What makes this just about the funniest is the fact that no matter what we are doing up on the counter, if a cutting board is involved she won’t believe us that it is not meat. Specifically, she believes the only valid use of a cutting board or a knife is to cut up ham into small pieces for her to eat. So it’s hard for her to understand when we cut up something else, like onions or celery or carrots. In her mind, the cutting board is a magical tool that dispenses salty cured meats. She cannot be dissuaded from this no matter how many times we actually show her the thing that we are really cutting up.
And she does this thing where she stands on her hind legs and bounces up and down with her front legs pointing up. And when that doesn’t work she assumes the traditional “begging” position. I don’t know where she learned that, but it was probably taught to her long ago by someone who was really sloppy with a cutting board. And this is a picture of my husband after I asked him to let me take a picture of him imitating what the dog does when she wants ham.
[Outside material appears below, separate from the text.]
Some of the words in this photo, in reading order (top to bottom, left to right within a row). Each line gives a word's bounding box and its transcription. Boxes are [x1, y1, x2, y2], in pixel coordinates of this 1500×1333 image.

But rest assured, her stupidity is really funny. Tonight she was worse than usual for some reason. Usually after a while she gives up and goes away, but she waited patiently as we cut up a slough of vegetables for the soup and then watched my husband with an eagle eye as he sliced up sage leaves and pulled thyme leaves off their twigs. Finally he got fed up with all the bouncing and begging and offered her a piece of carrot.
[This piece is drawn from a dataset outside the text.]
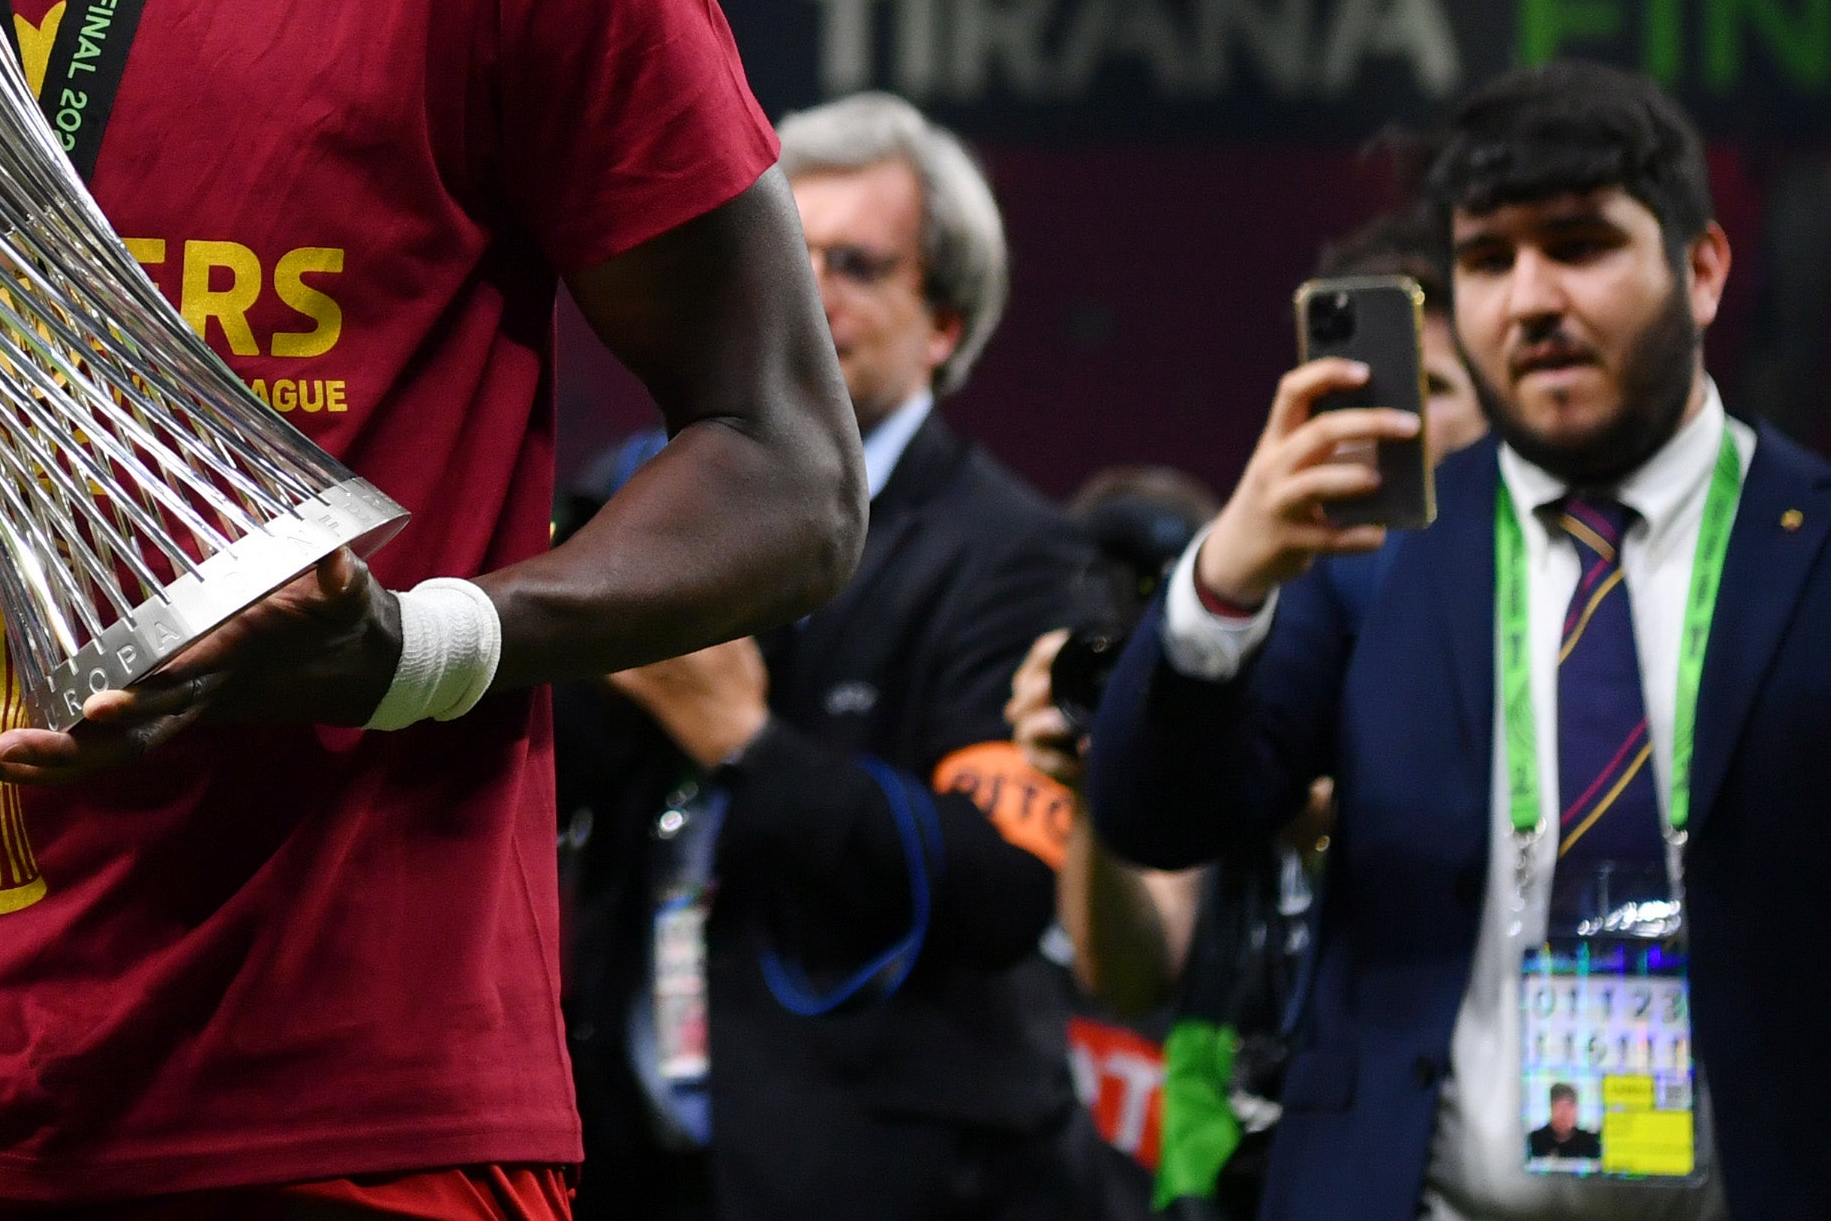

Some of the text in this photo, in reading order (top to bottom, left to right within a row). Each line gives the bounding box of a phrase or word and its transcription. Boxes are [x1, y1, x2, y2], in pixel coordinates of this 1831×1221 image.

[52, 88, 88, 152] 202
[251, 378, 348, 413] AGUE
[26, 618, 182, 732] UROPA
“HERE,” he said. The dog excitedly raced for the carrot, and as soon as she realized it wasn’t meat, abandoned it on the floor and resumed bouncing. Because, you know, if we caved on this, there is DEFINITELY meat up there. I was making soup dumplings up on the counter, but I stopped to address her behavior. And what I did was standard in all canine behavioral manuals.
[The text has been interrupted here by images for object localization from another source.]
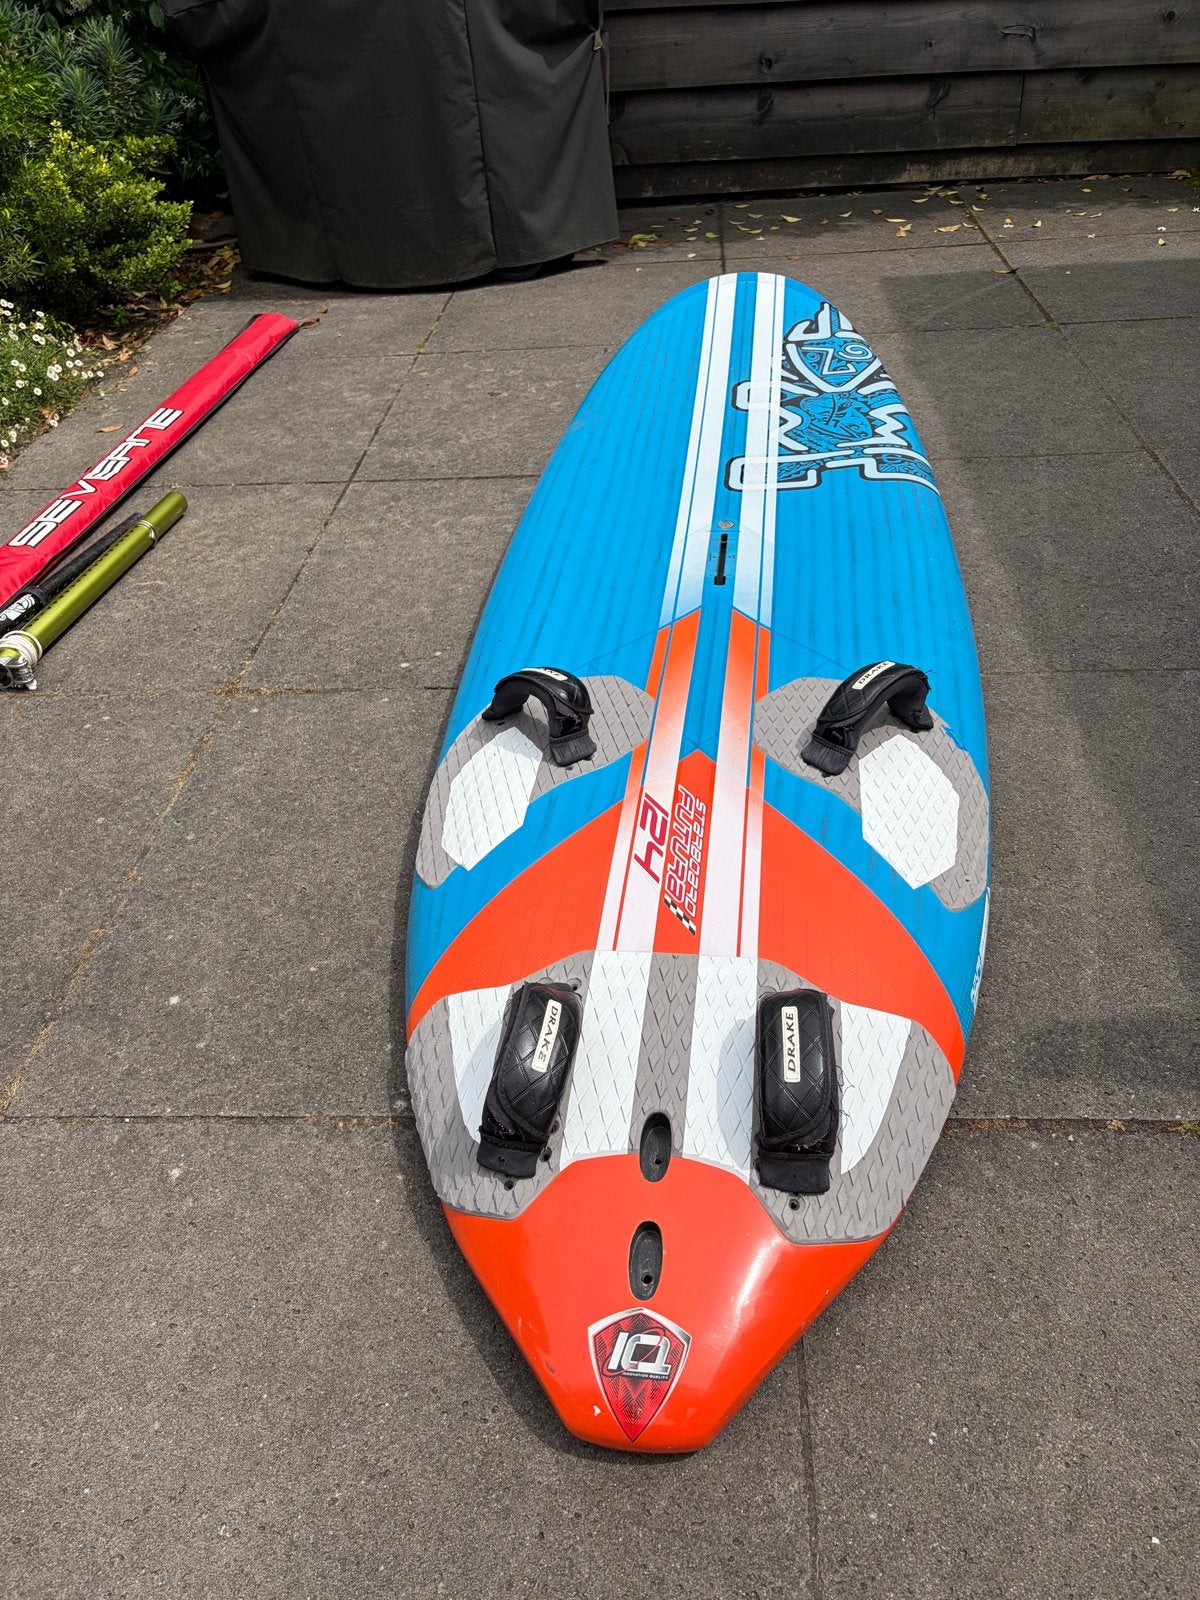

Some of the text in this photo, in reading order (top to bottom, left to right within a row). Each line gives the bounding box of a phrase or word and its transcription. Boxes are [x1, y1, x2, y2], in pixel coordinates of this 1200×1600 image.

[7, 407, 184, 547] SEVERNE
[858, 662, 889, 685] DRAKE
[633, 792, 670, 885] 124
[664, 783, 695, 903] FUTURA
[684, 797, 707, 918] STARBOARD
[536, 1005, 559, 1065] DRAKE
[786, 1011, 796, 1073] DRAKE
[607, 1331, 672, 1376] IQ
I gave the dog the finger. “Do you understand that you are an idiot and I can’t respect you?” I demanded.
“That’s mean,” my husband said. “You flipped her off.”
The dog bounced up and down again, landed on the carrot, lost her balance, and fell.
“Okay,” he said. “She is an idiot.”
“Dog,” he said. “If you eat that carrot, you can have some of our food.”
The dog sat there and looked confused. Then the bouncing again.
“Dog,” I said. “If you eat that carrot, you can have all the dumplings and we’ll eat our soup without.”
Bounce. Bounce.
“If you eat the carrot, you can have our whole dinner, meat included, and we’ll go hungry. I just want to see you eat it.”
Despite the fact that this was basically the best offer she could ever get, short of us leaving a Honeybaked Ham on a sheet of plastic in the living room, she failed to take us up on our wager. So, whatever, dog. That one’s not coming back on the table.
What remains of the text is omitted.